[flang-commits] [flang] efae695 - Add -f[no-]loop-versioning option
Mats Petersson via flang-commits
flang-commits at lists.llvm.org
Tue Apr 18 01:48:38 PDT 2023
Author: Mats Petersson
Date: 2023-04-18T09:47:54+01:00
New Revision: efae695d52ccc987ddd3eb042eeb11f06cb2383b
URL: https://github.com/llvm/llvm-project/commit/efae695d52ccc987ddd3eb042eeb11f06cb2383b
DIFF: https://github.com/llvm/llvm-project/commit/efae695d52ccc987ddd3eb042eeb11f06cb2383b.diff
LOG: Add -f[no-]loop-versioning option
Add flags for loop-versioning pass enable/disable
Reviewed By: awarzynski, tblah
Differential Revision: https://reviews.llvm.org/D141307
Added:
flang/test/Driver/version-loops.f90
Modified:
clang/include/clang/Driver/Options.td
clang/lib/Driver/ToolChains/Flang.cpp
clang/lib/Driver/ToolChains/Flang.h
flang/include/flang/Frontend/CodeGenOptions.def
flang/include/flang/Tools/CLOptions.inc
flang/lib/Frontend/CompilerInvocation.cpp
flang/lib/Frontend/FrontendActions.cpp
flang/test/Driver/driver-help-hidden.f90
flang/test/Driver/driver-help.f90
flang/test/Driver/frontend-forwarding.f90
Removed:
################################################################################
diff --git a/clang/include/clang/Driver/Options.td b/clang/include/clang/Driver/Options.td
index 7fa1d7d636bb..eed0d517a1ad 100644
--- a/clang/include/clang/Driver/Options.td
+++ b/clang/include/clang/Driver/Options.td
@@ -5167,7 +5167,9 @@ def fno_automatic : Flag<["-"], "fno-automatic">, Group<f_Group>,
defm stack_arrays : BoolOptionWithoutMarshalling<"f", "stack-arrays",
PosFlag<SetTrue, [], "Attempt to allocate array temporaries on the stack, no matter their size">,
NegFlag<SetFalse, [], "Allocate array temporaries on the heap (default)">>;
-
+defm loop_versioning : BoolOptionWithoutMarshalling<"f", "version-loops-for-stride",
+ PosFlag<SetTrue, [], "Create unit-strided versions of loops">,
+ NegFlag<SetFalse, [], "Do not create unit-strided loops (default)">>;
} // let Flags = [FC1Option, FlangOption, FlangOnlyOption]

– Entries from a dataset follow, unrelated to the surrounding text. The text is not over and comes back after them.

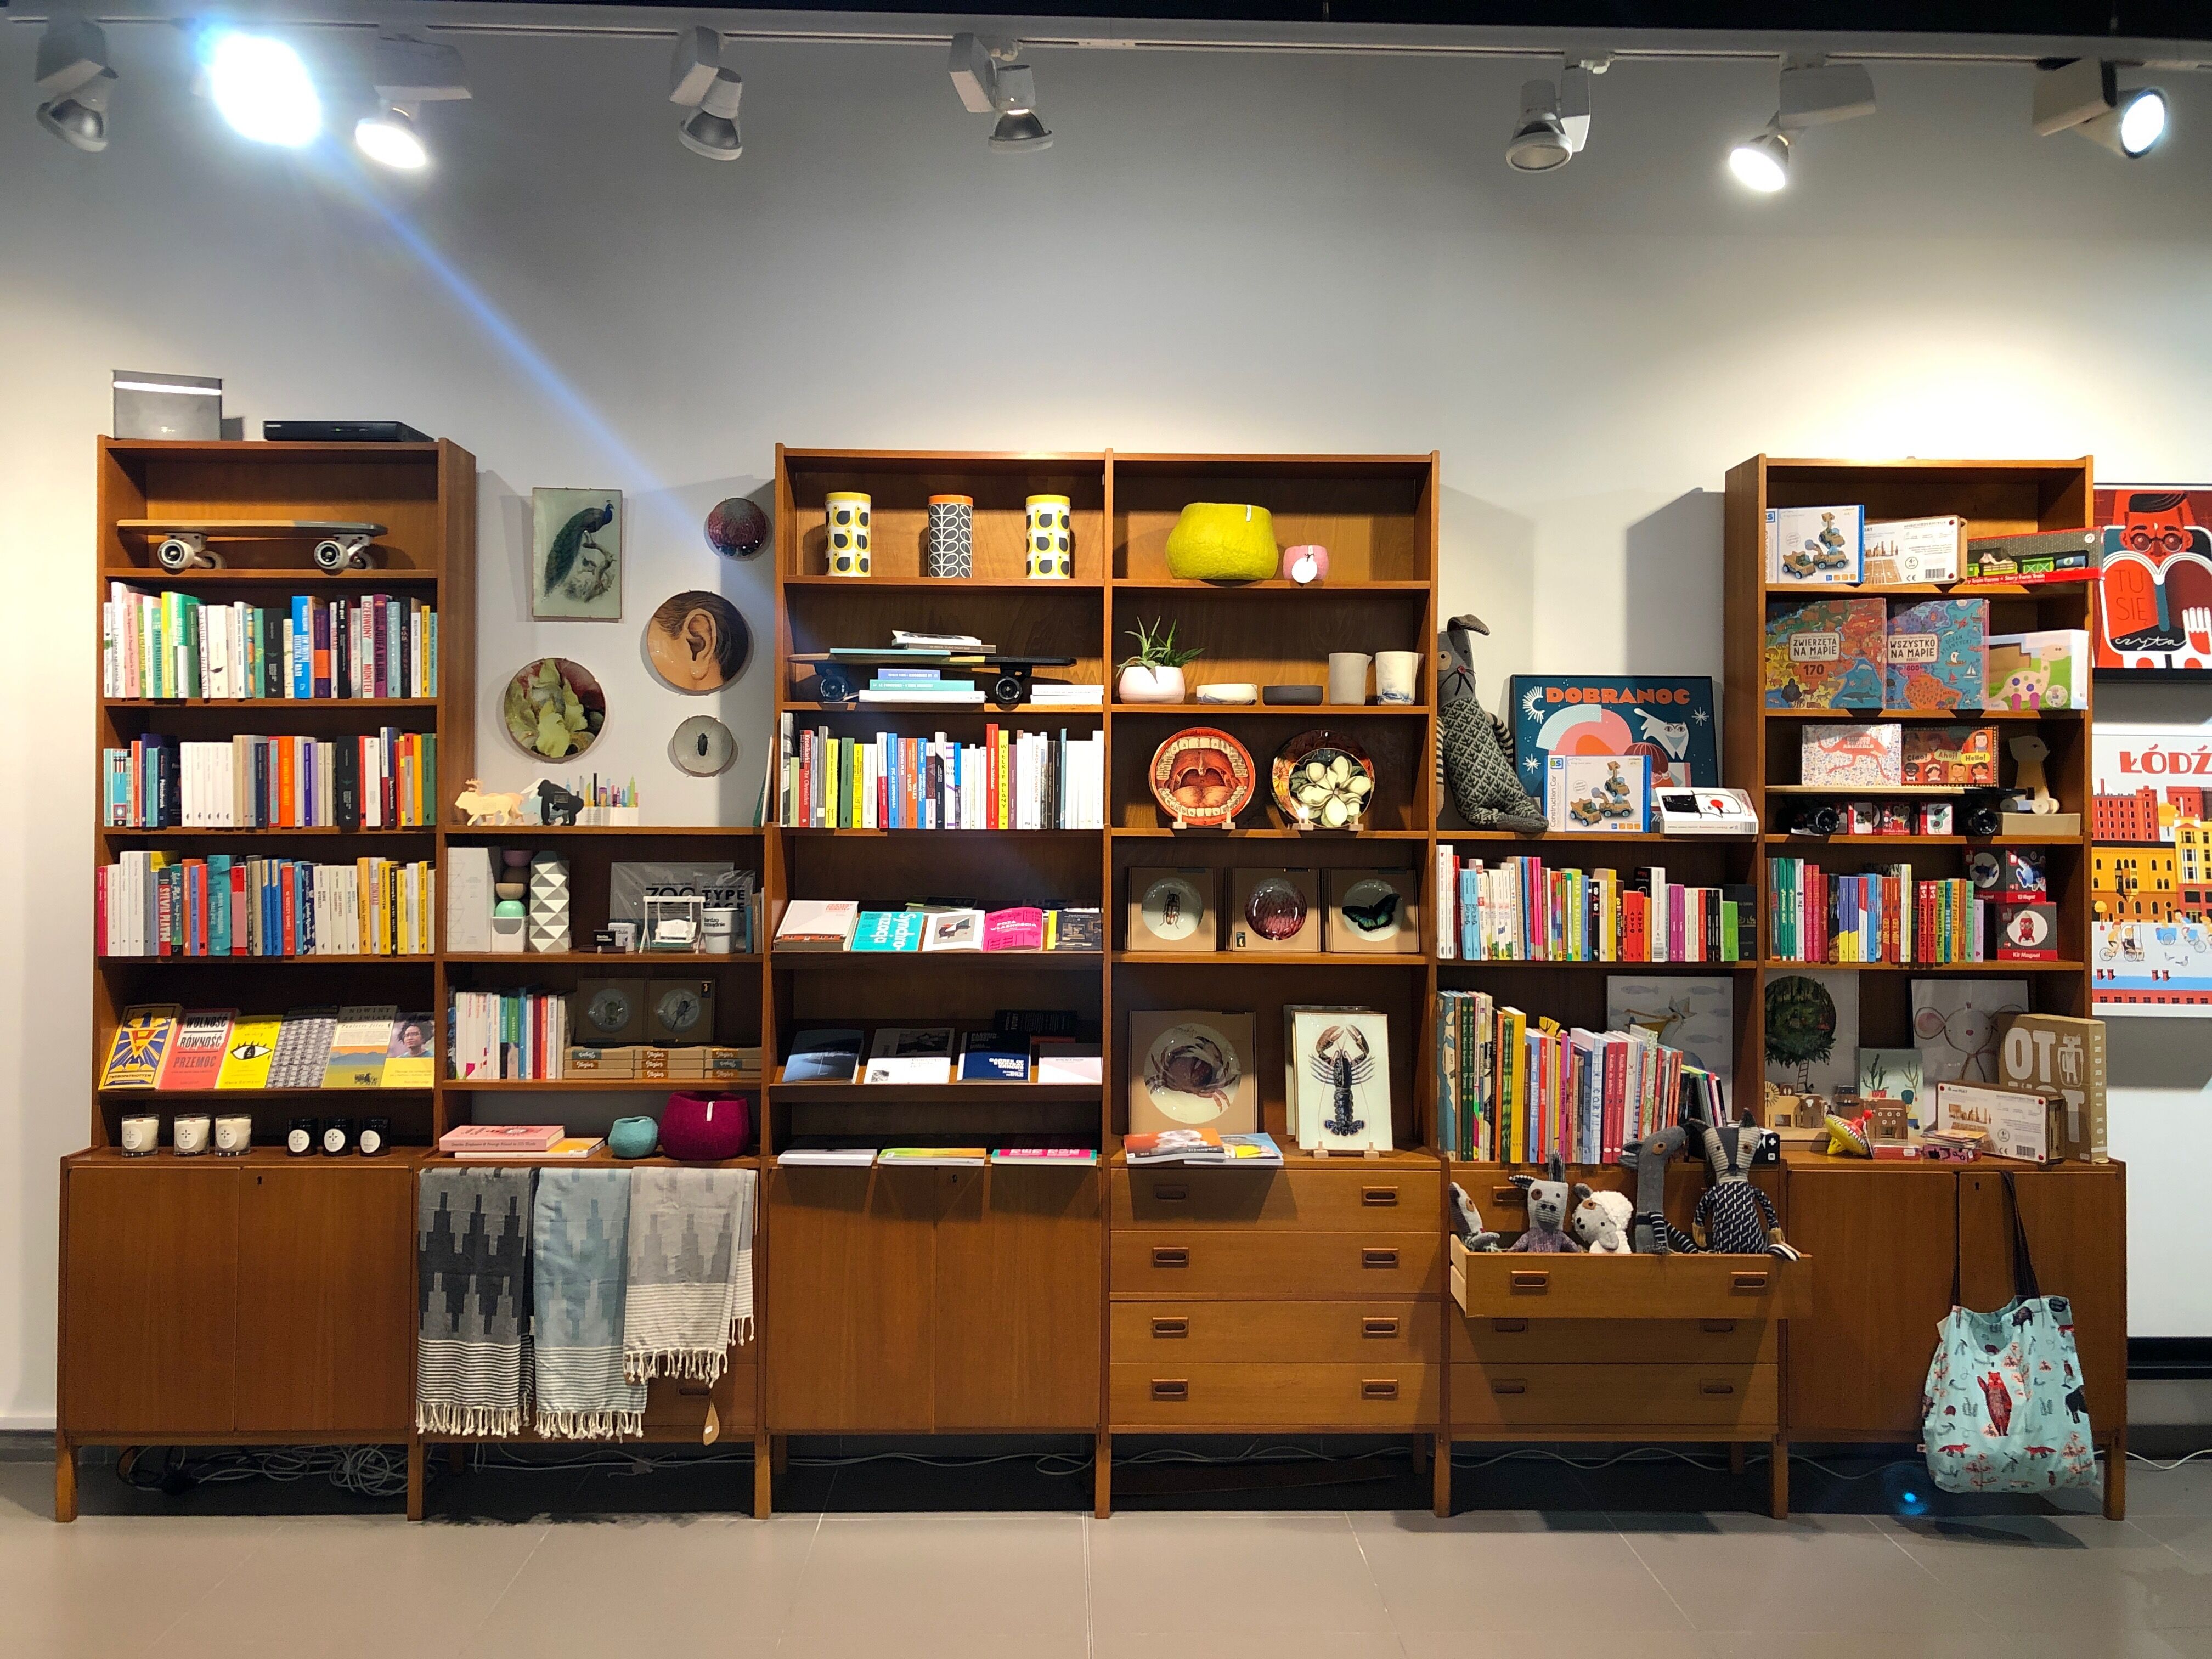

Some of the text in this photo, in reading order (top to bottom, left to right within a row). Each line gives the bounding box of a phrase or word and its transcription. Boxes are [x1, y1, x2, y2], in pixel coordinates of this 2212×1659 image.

[2114, 569, 2145, 593] TU
[2115, 596, 2148, 625] SIĘ
[363, 601, 373, 693] CZERWONY MONTER
[1792, 637, 1837, 647] ZWIERZĘTA
[1889, 639, 1936, 648] WSZYSTKO
[2115, 636, 2187, 651] czyta
[1793, 646, 1837, 656] NA MAPIE
[1891, 647, 1936, 658] NA MAPIE
[1803, 663, 1825, 675] 170
[1545, 686, 1691, 704] DOBRANOC
[1938, 752, 1957, 760] Ahoj!
[701, 889, 746, 900] TYPE
[1575, 897, 1580, 906] NA
[160, 888, 170, 943] SYLVIA PLATH
[186, 1013, 227, 1028] WOLNOŚĆ
[180, 1034, 223, 1048] RÓWNOŚĆ
[173, 1056, 217, 1068] PRZEMOC
[2094, 1035, 2104, 1146] ANDRZEJ KOT

def J : JoinedOrSeparate<["-"], "J">,
diff --git a/clang/lib/Driver/ToolChains/Flang.cpp b/clang/lib/Driver/ToolChains/Flang.cpp
index 57555ed32553..300072db35ed 100644
--- a/clang/lib/Driver/ToolChains/Flang.cpp
+++ b/clang/lib/Driver/ToolChains/Flang.cpp
@@ -52,6 +52,55 @@ void Flang::addPreprocessingOptions(const ArgList &Args,
options::OPT_I, options::OPT_cpp, options::OPT_nocpp});
}
+/// @C shouldLoopVersion
+///
+/// Check if Loop Versioning should be enabled.
+/// We look for the last of one of the following:
+/// -Ofast, -O4, -O<number> and -f[no-]version-loops-for-stride.

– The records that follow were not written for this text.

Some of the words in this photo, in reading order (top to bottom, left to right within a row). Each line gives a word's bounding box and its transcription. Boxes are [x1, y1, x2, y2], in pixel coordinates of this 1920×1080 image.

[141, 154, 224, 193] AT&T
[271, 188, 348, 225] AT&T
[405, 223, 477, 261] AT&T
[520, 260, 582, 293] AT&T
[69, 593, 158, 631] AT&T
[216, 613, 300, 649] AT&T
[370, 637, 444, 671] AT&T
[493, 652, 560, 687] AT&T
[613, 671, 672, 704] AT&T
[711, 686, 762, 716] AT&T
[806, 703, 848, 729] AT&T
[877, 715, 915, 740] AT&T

+/// Loop versioning is disabled if the last option is
+/// -fno-version-loops-for-stride.
+/// Loop versioning is enabled if the last option is one of:
+/// -floop-versioning
+/// -Ofast
+/// -O4
+/// -O3
+/// For all other cases, loop versioning is is disabled.
+///
+/// The gfortran compiler automatically enables the option for -O3 or -Ofast.
+///
+/// @return true if loop-versioning should be enabled, otherwise false.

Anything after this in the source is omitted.